And while the conversational commerce company, which helps consumers buy just about anything via text, uses the latest technology, it’s based on a nearly antique version of customer service that’s ready for a digital-age resurgence.
Fleiss, who leads Jetblack as chief executive officer and cofounder, traced retail history back to the mom-and-pop shops consumers used to rely on. They had a limited selection, but the shopkeeper could be a trusted resource when it came to recommendations.
As national retailers such as Sears and Woolworth, and later mass retailers, including Walmart and Target, established themselves, product selection grew and stores moved closer to consumers, but those personalized recommendations from the local shopkeeper were lost.
“More of the work was put on the consumer,” Fleiss said. “People in those stores don’t know about you as an individual as much.”
That was only amplified in the “Age of Amazon,” where e-commerce has made an endless array of products available at one’s fingertips.
“All of a sudden, I spent three hours searching for the perfect area rug, it’s not a great use of time,” Fleiss said. “It’s stripped a lot of the joy of shopping. Shopping has become very transactional, it’s a glorified search bar. That’s also made it less trusted. If you are going to a glorified search bar…it’s less likely that you’re going to trust the results. I think all that’s going to change and I think we’re actually at the brink…that’s going to change with conversational commerce.”

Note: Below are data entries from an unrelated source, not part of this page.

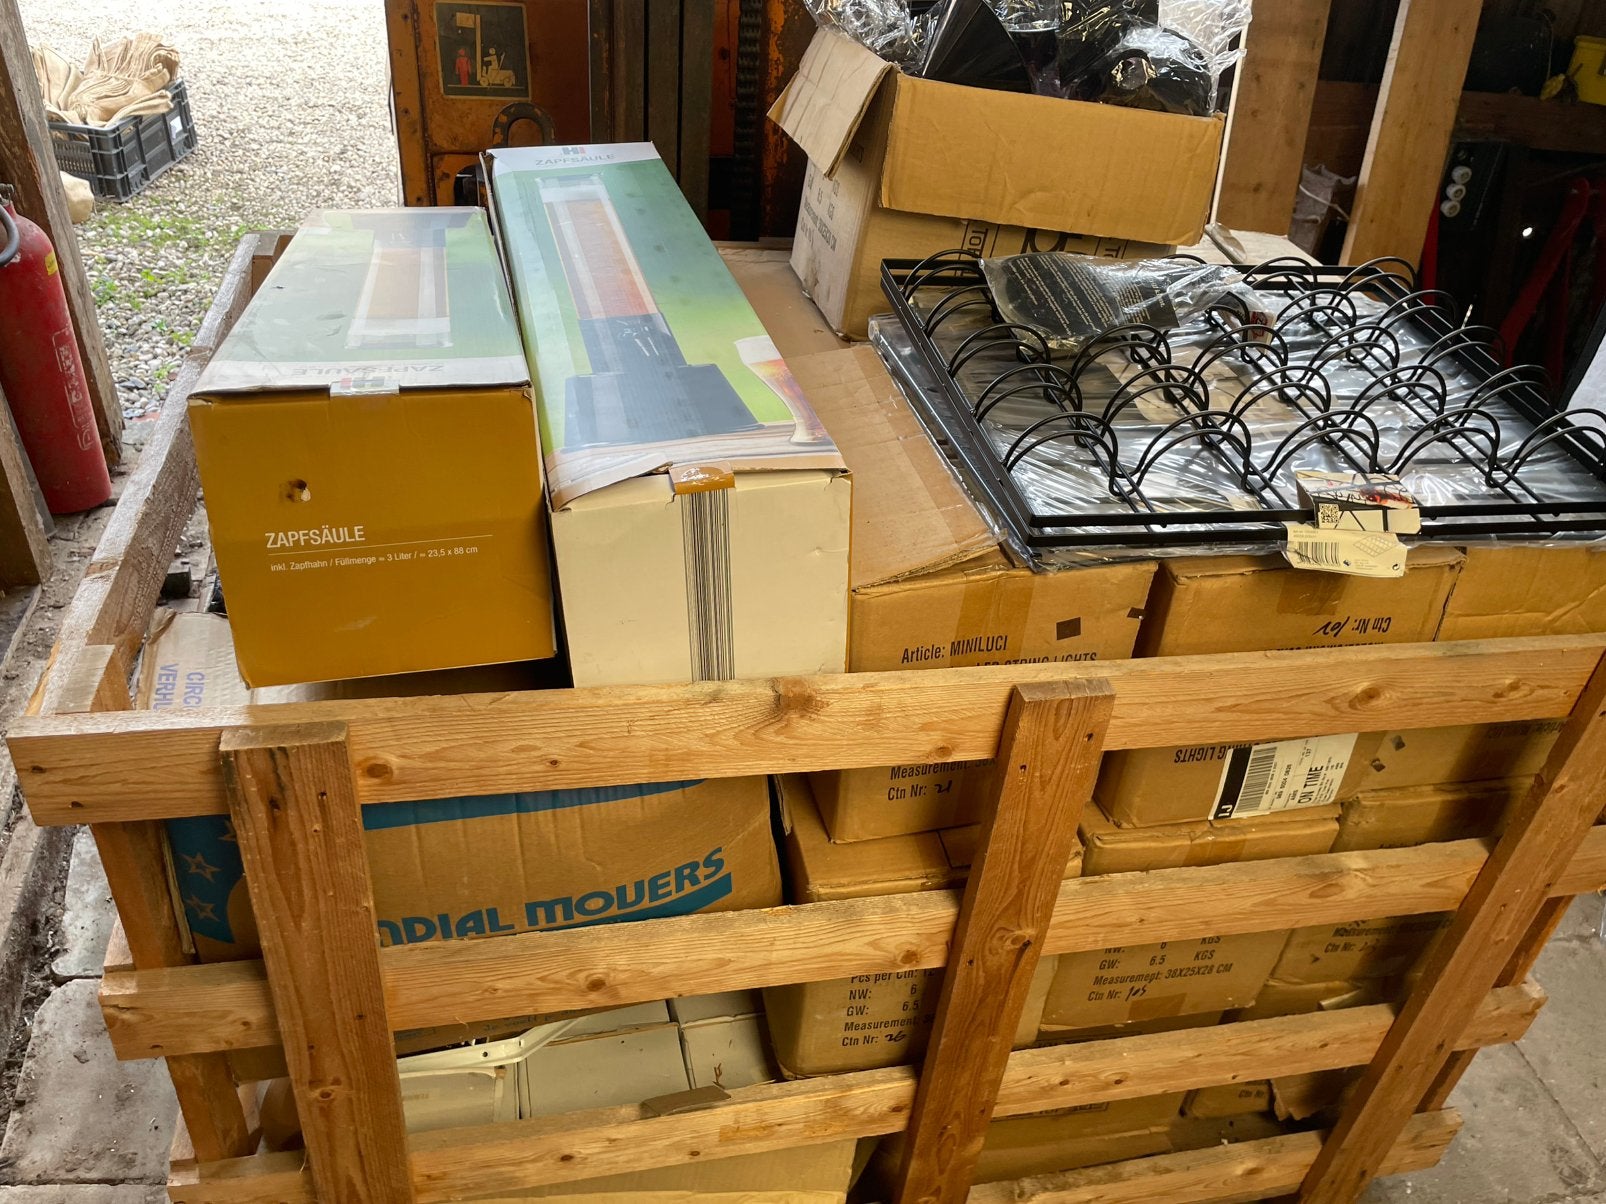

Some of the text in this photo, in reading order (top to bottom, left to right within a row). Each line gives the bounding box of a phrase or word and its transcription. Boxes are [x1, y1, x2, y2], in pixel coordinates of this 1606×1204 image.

[264, 525, 366, 549] ZAPFSÄULE
[271, 563, 289, 571] inkl.
[290, 559, 328, 570] Zapfhahn
[335, 555, 377, 566] Füllmenge
[386, 553, 393, 562] 3
[394, 551, 412, 561] Liter
[427, 548, 446, 558] 23,5
[453, 546, 464, 555] 88
[465, 546, 478, 554] cm
[1351, 616, 1392, 635] Ctn Nr:
[901, 635, 1009, 664] Article: MINILUCI
[183, 672, 206, 708] CIRC
[1174, 746, 1217, 763] LIGHTS
[1303, 765, 1324, 788] TIME
[887, 783, 928, 801] Ctn Nr:
[1297, 790, 1315, 804] ON
[1099, 949, 1216, 971] GW: 6.5 KGS
[874, 972, 892, 984] per
[1164, 966, 1214, 980] 38X25X28
[1216, 963, 1234, 974] CM
[849, 984, 918, 1000] NW: 6
[1087, 989, 1122, 1002] Ctn Nr:
[846, 1005, 869, 1017] GW:
[841, 1035, 879, 1047] Ctn Nr:

Users pay Jetblack $50 a month to be that shopkeeper who can help make recommendations and check items off the to-do list via the back and forth of text messages.
Fleiss said the average customer of the one-and-a-half-year-old business spends $1,500 a month.

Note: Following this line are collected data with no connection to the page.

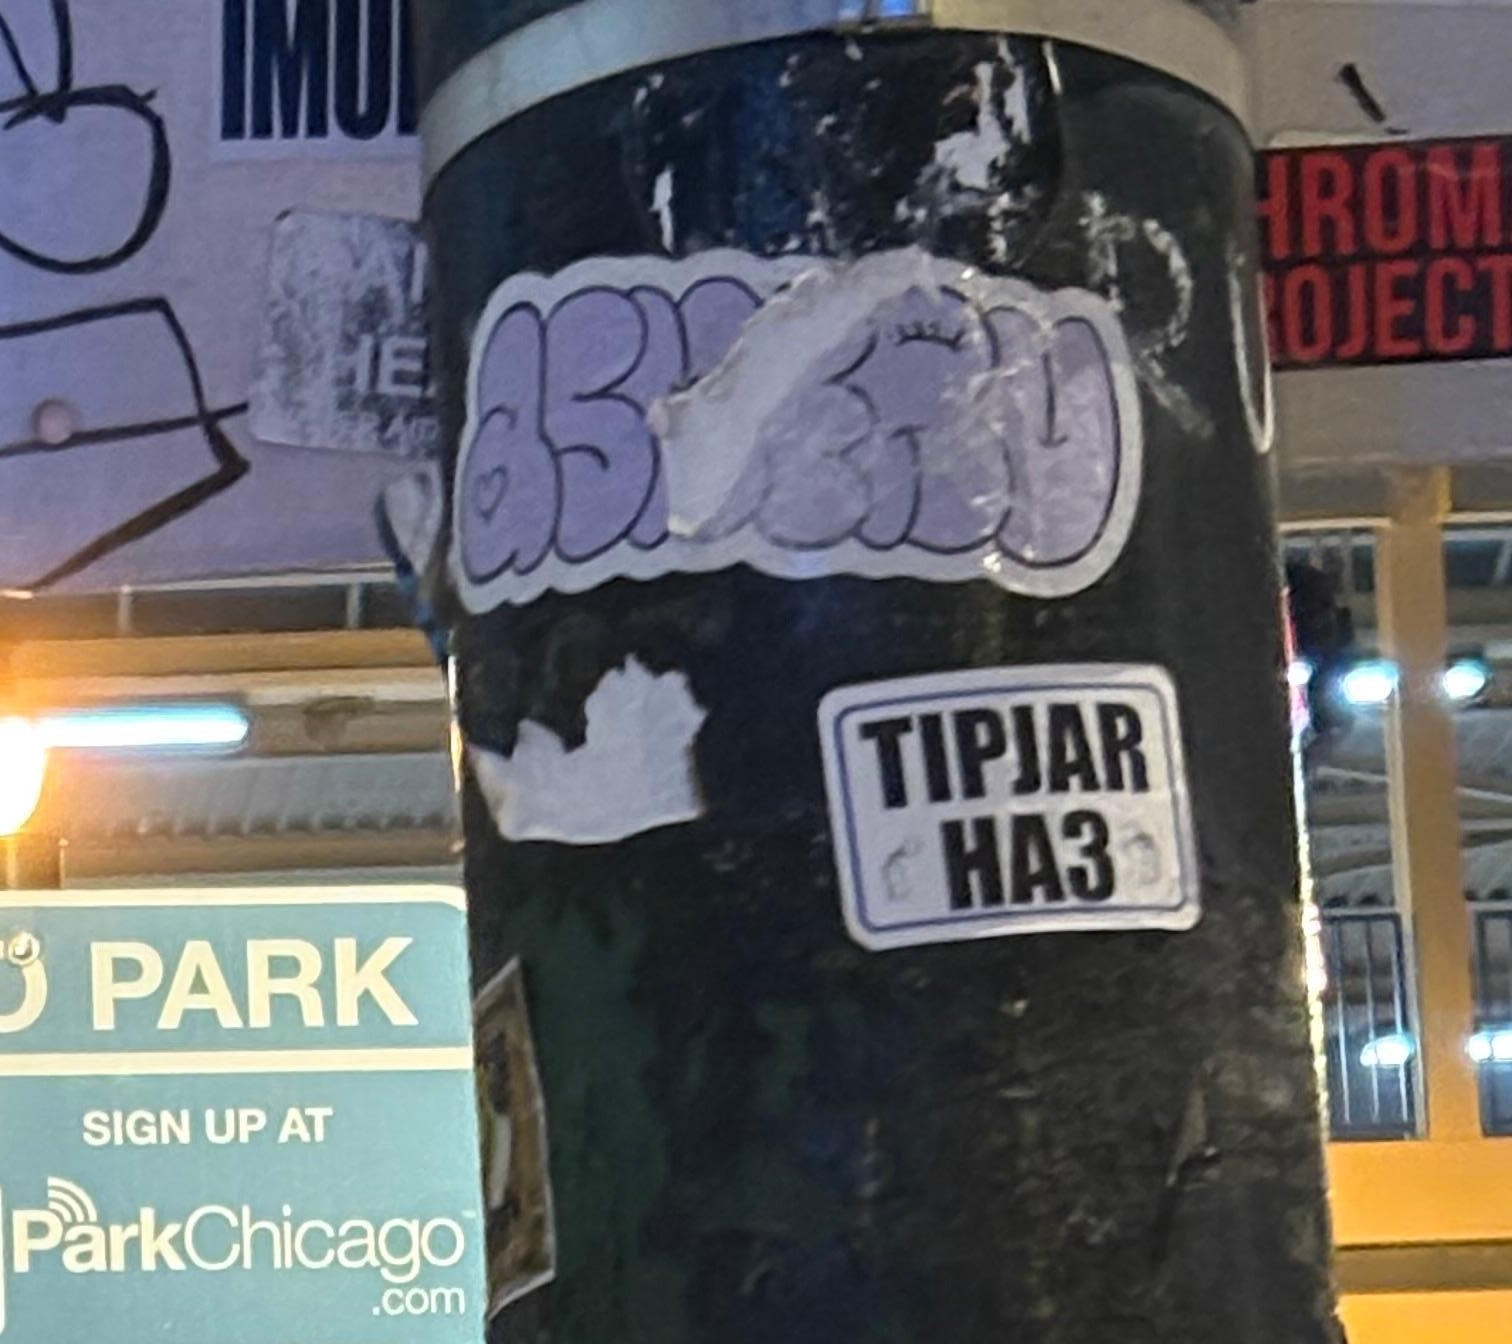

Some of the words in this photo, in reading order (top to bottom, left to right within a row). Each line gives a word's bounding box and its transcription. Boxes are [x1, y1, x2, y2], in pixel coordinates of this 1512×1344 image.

[859, 701, 1150, 810] TIPJAR
[940, 810, 1116, 911] HA3
[90, 936, 419, 1032] PARK
[82, 1108, 190, 1146] SIGN
[204, 1107, 266, 1143] UP
[278, 1106, 333, 1143] AT
[372, 1286, 465, 1316] .com

Jetblack uses both human and algorithms to take a simple but far-reaching request, like “find me a baby stroller,” and instantly whittle down the thousands of options online to just three.

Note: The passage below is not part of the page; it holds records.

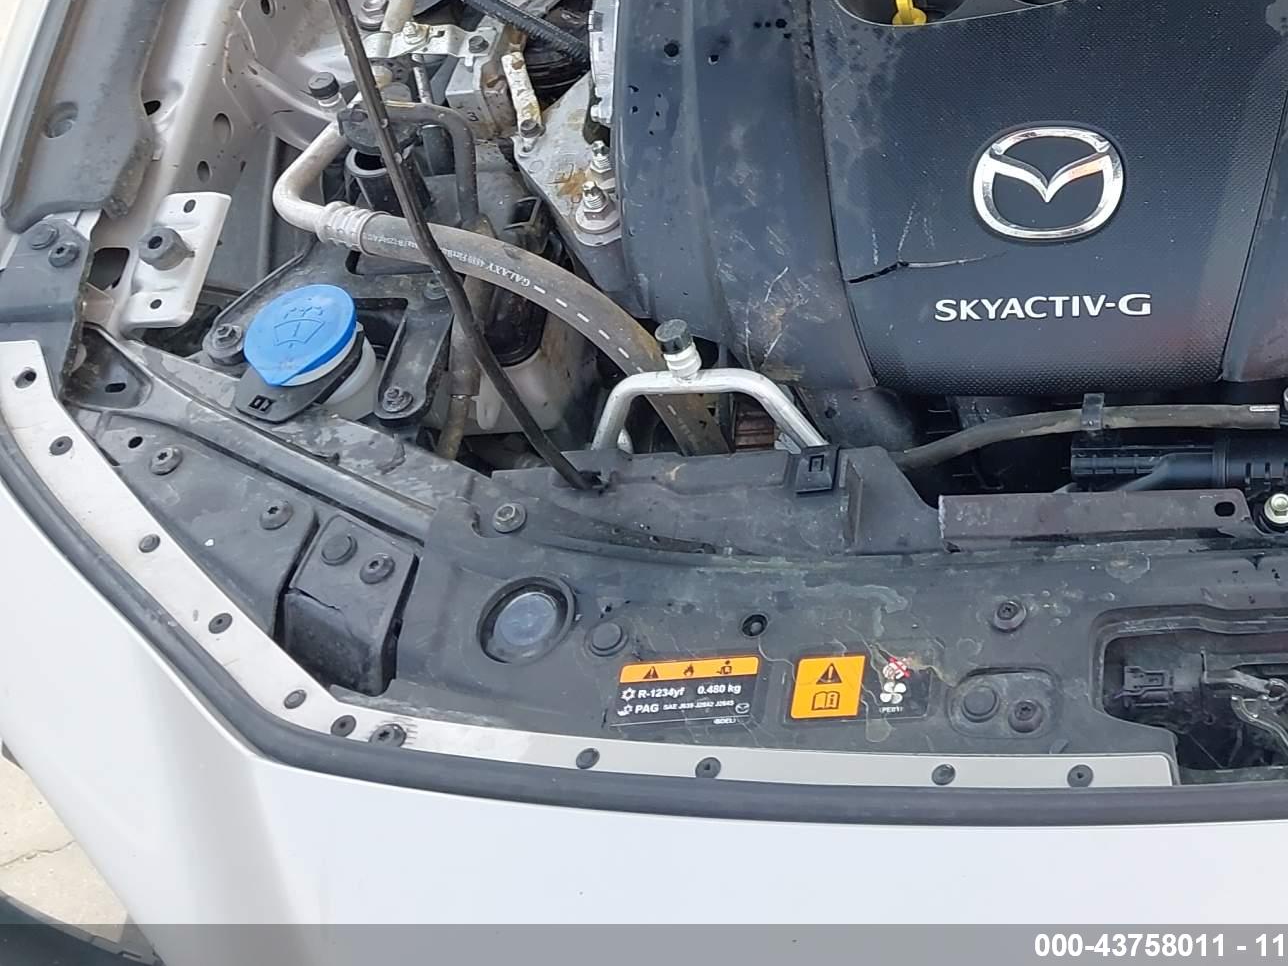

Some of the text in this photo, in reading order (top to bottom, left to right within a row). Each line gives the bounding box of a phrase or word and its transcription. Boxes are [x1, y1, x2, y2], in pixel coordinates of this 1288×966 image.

[485, 261, 531, 288] GALAXY
[934, 293, 1152, 322] SKYACTIV-G
[637, 684, 742, 699] R-1234yf 0.480 kg
[634, 703, 660, 715] PAG
[662, 702, 678, 711] SAE
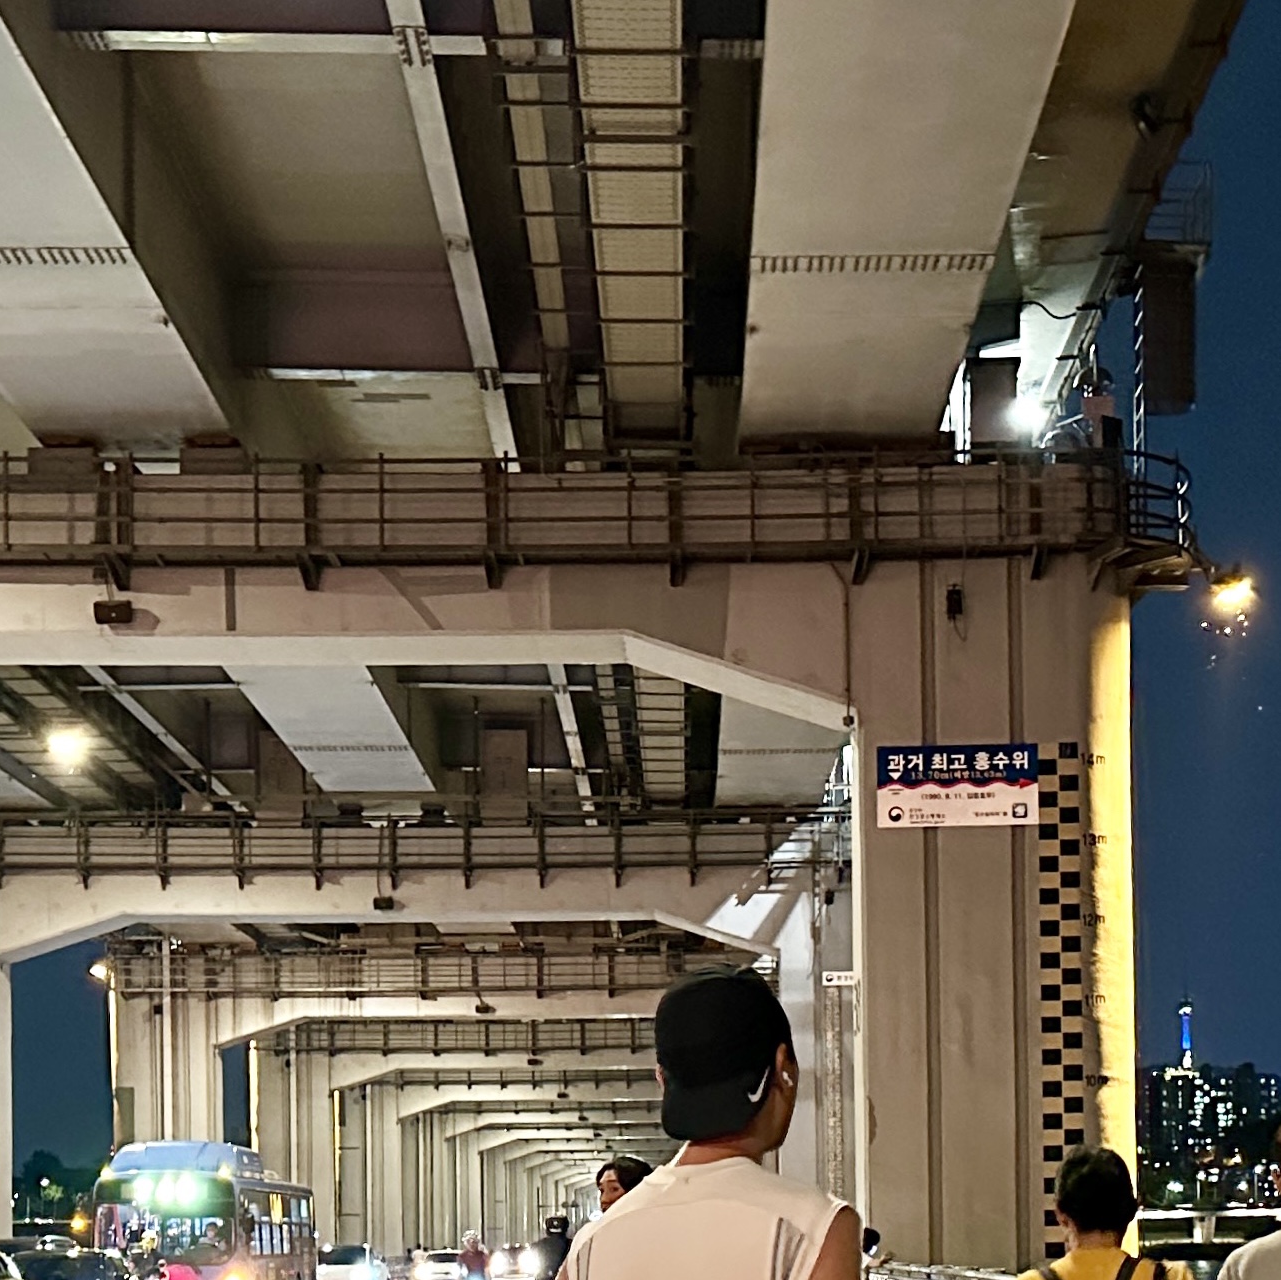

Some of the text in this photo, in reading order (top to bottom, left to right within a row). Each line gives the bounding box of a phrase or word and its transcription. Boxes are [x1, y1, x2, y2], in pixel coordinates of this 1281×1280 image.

[887, 751, 1029, 772] 과거 최고 홍수위
[1080, 753, 1106, 766] 14m
[1082, 833, 1108, 846] 13m
[1082, 912, 1106, 927] 12m
[1084, 994, 1106, 1007] 11m
[1085, 1074, 1109, 1087] 10m

That requires a lot of work on the back end and a lot of data on the consumers, for instance how old their children are. Fleiss said the process is getting better and more automated all the time as the machine learning system handles more requests, enabling better, more personalized recommendations at scale.
Along the way, Fleiss said she’s trying to get closer to consumers and to make their lives easier and shopping more efficient while seeking to money on the back end (aside from the monthly fee to shoppers).
“The key thing is you want to have a trusted relationship,” she said. “At the end of the day, my premise is, let’s reduce the clutter. The promise I want to make to consumers is that we’re trying to get you the best price out there.”